Move aims to boost growth by simplifyng tax system
The government has scrapped controversial reforms to the tax status of self-employed workers in a move aimed at freeing up time and money for businesses.
The IR35 off-payroll tax rules for contractors will be repealed from 6 April next year, two years after they were first introduced in the private sector.
The decision was announced as part of new chancellor Kwasi Kwarteng’s first major economic intervention, which is focused on boosting growth by slashing taxes and regulation.
Treasury documents say that workers providing their services via an intermediary “will once again be responsible for determining their employment status and paying the appropriate amount of tax and National Insurance contributions.
“This will free up time and money for businesses that engage contractors, that could be put towards other priorities.”
It adds that the reforms will also minimise the risk that genuinely self-employed workers are impacted by the underlying off-payroll rules.
The introduction of IR35 in April 2021, delayed by a year because of the pandemic, was met with concern in the construction sector, which is heavily reliant on freelancers to provide technical expertise both on and off-site.

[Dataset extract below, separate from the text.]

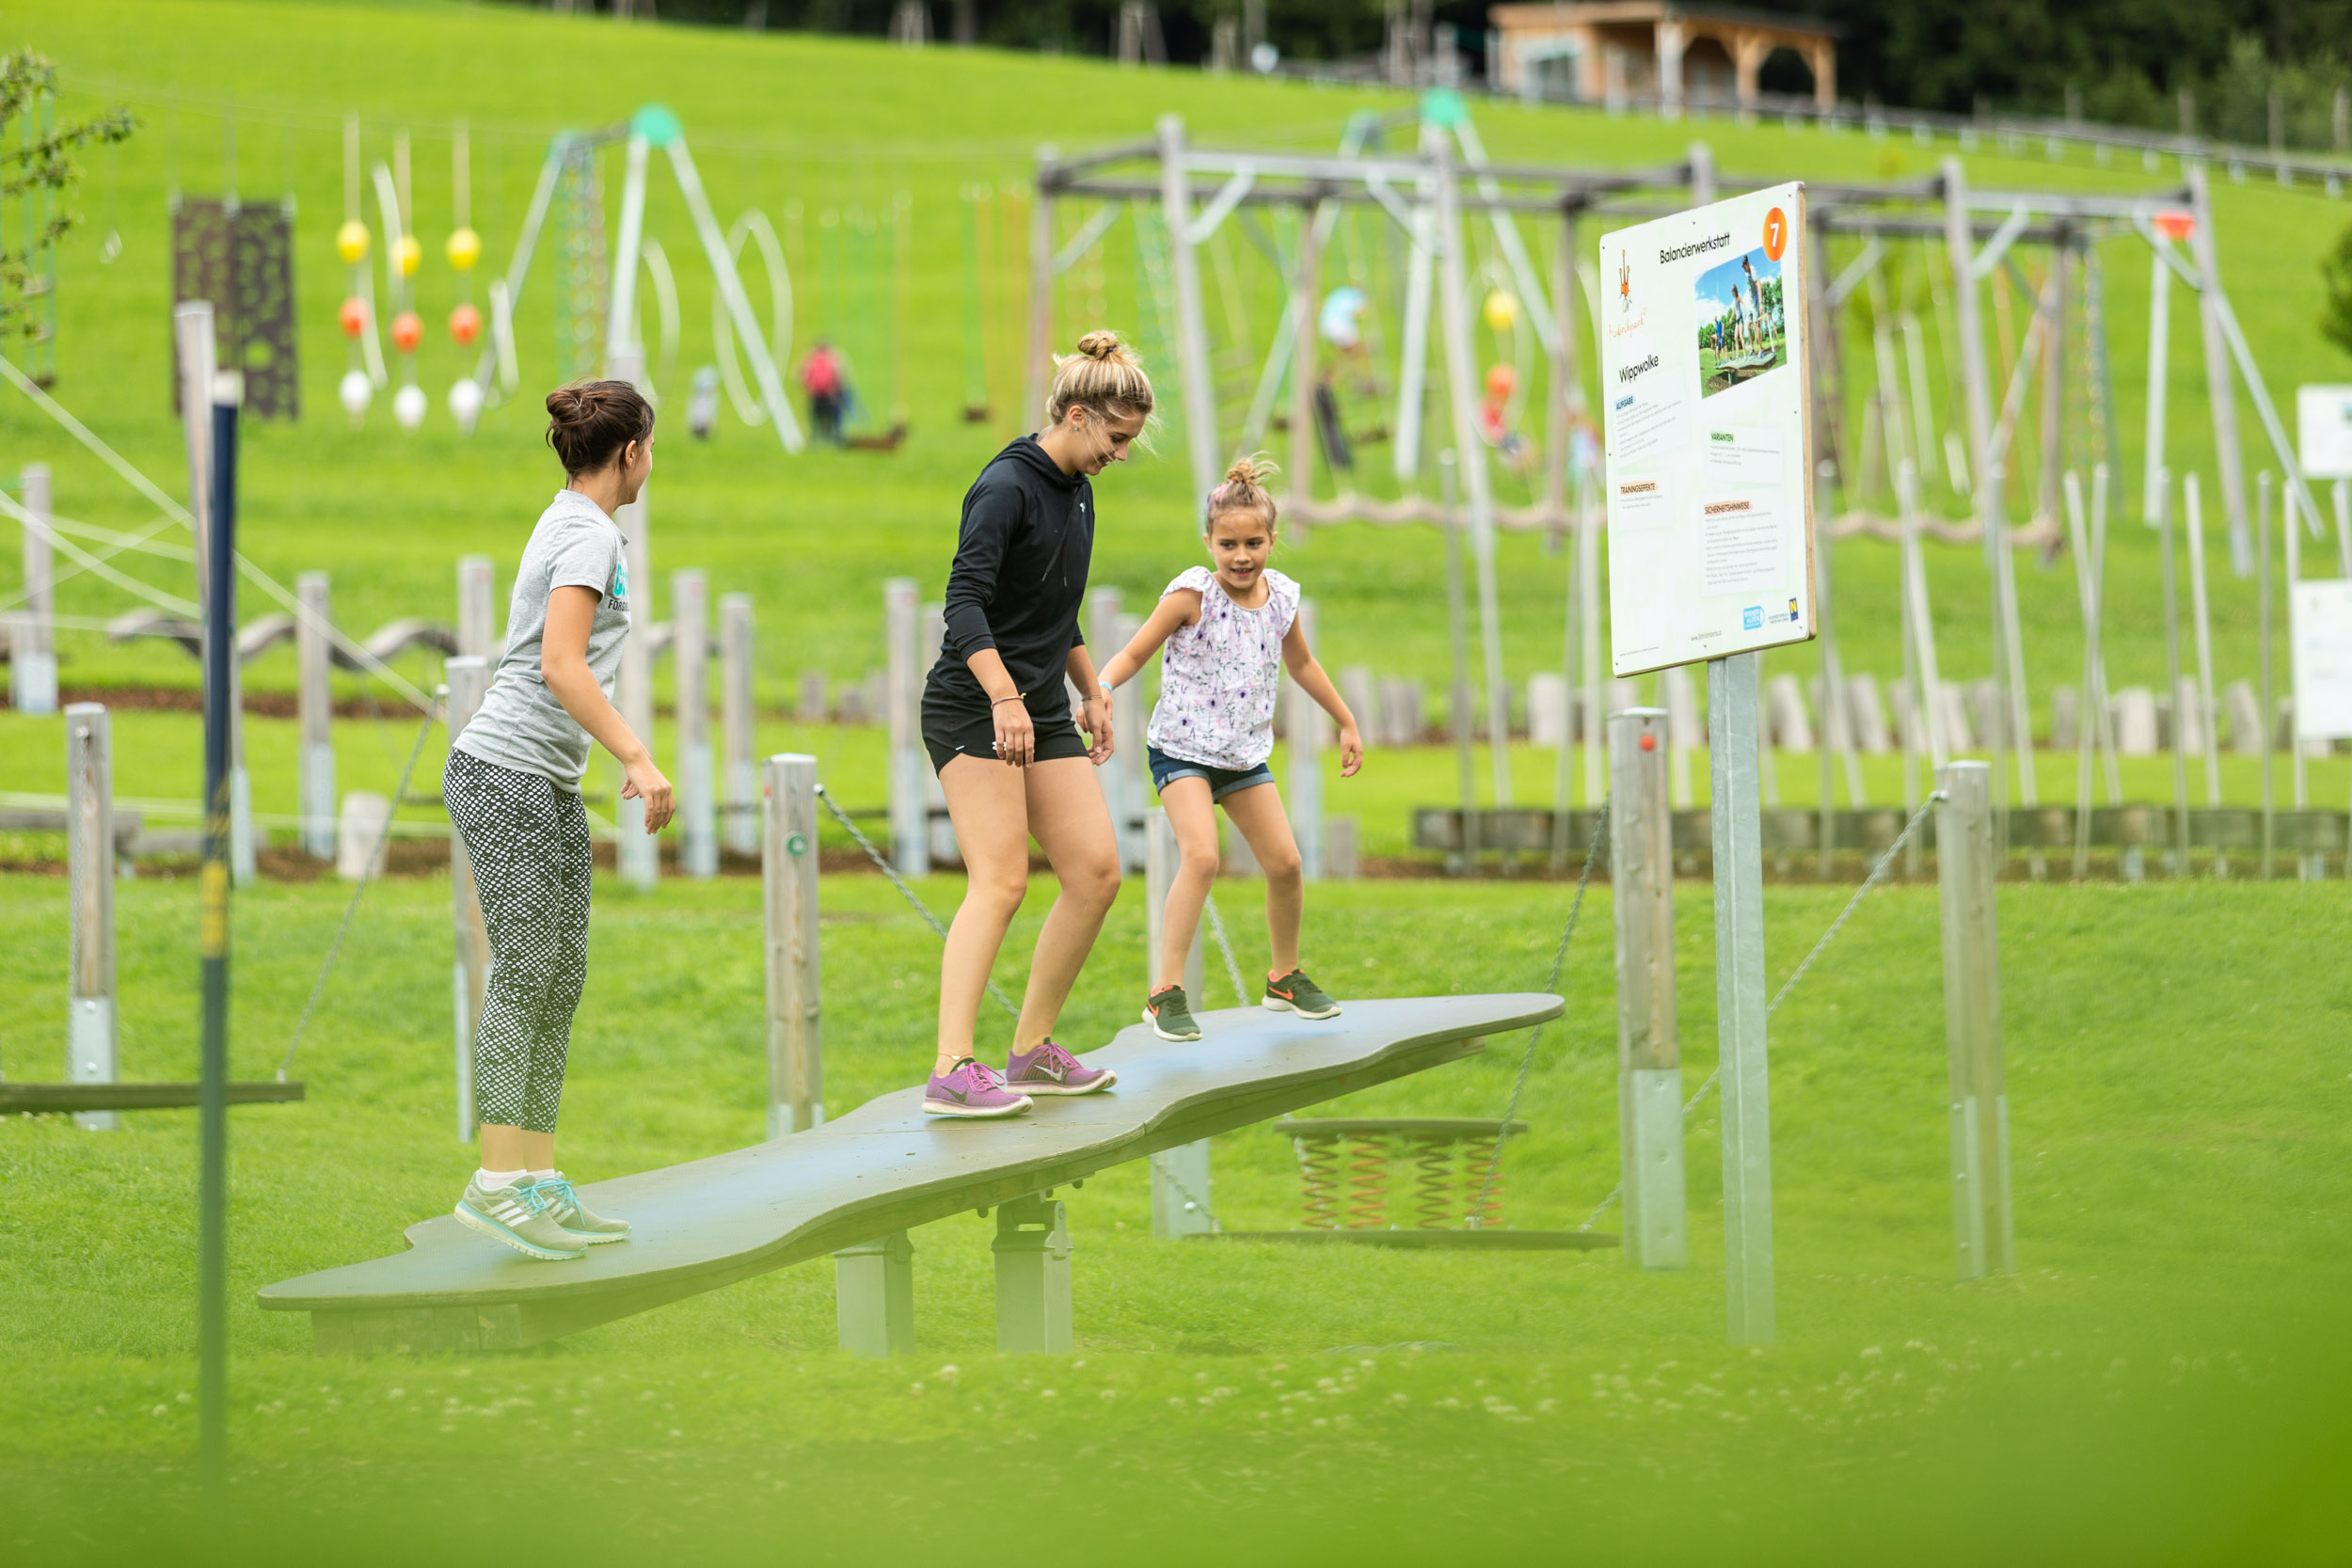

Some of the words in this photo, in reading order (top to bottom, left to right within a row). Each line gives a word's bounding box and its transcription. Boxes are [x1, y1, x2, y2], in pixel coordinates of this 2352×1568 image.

HMRC’s tools for assessing tax compliance were also criticised for being confusing and hard to use accurately.
In February, the National Audit Office said HMRC needed to make further improvements to the Check Employment Status for Tax (CEST) service.
Construction Products Association economics director Noble Francis said the repeal of the rules will help construction but criticised the timing of their introduction last year.
“The time and money wasted dealing with [IR35] in 2021, when contractors had to deal with materials availability and cost, rising PI insurance and reverse charge VAT, only for IR35 changes to be repealed, is staggering,” he said.
Dave Chaplin, chief executive of tax compliance firm IR35 Shield said contractors and businesses will be celebrating.
“These onerous reforms were never going to work and were flawed from the start…The new version of IR35 has simply served to pour glue on the economy and prevent growth.
“The chancellor has done the right thing and removed the unnecessary burden for firms of trying to solve a complex riddle every time they hire a worker.
“Today’s bold move by Kwasi Kwarteng may well have given the Conservatives a chance of winning the next general election,” he said.
Crawford Temple, chief executive of tax compliance consultant Professional Passport, said the implementation of IR35 had been a “car crash”.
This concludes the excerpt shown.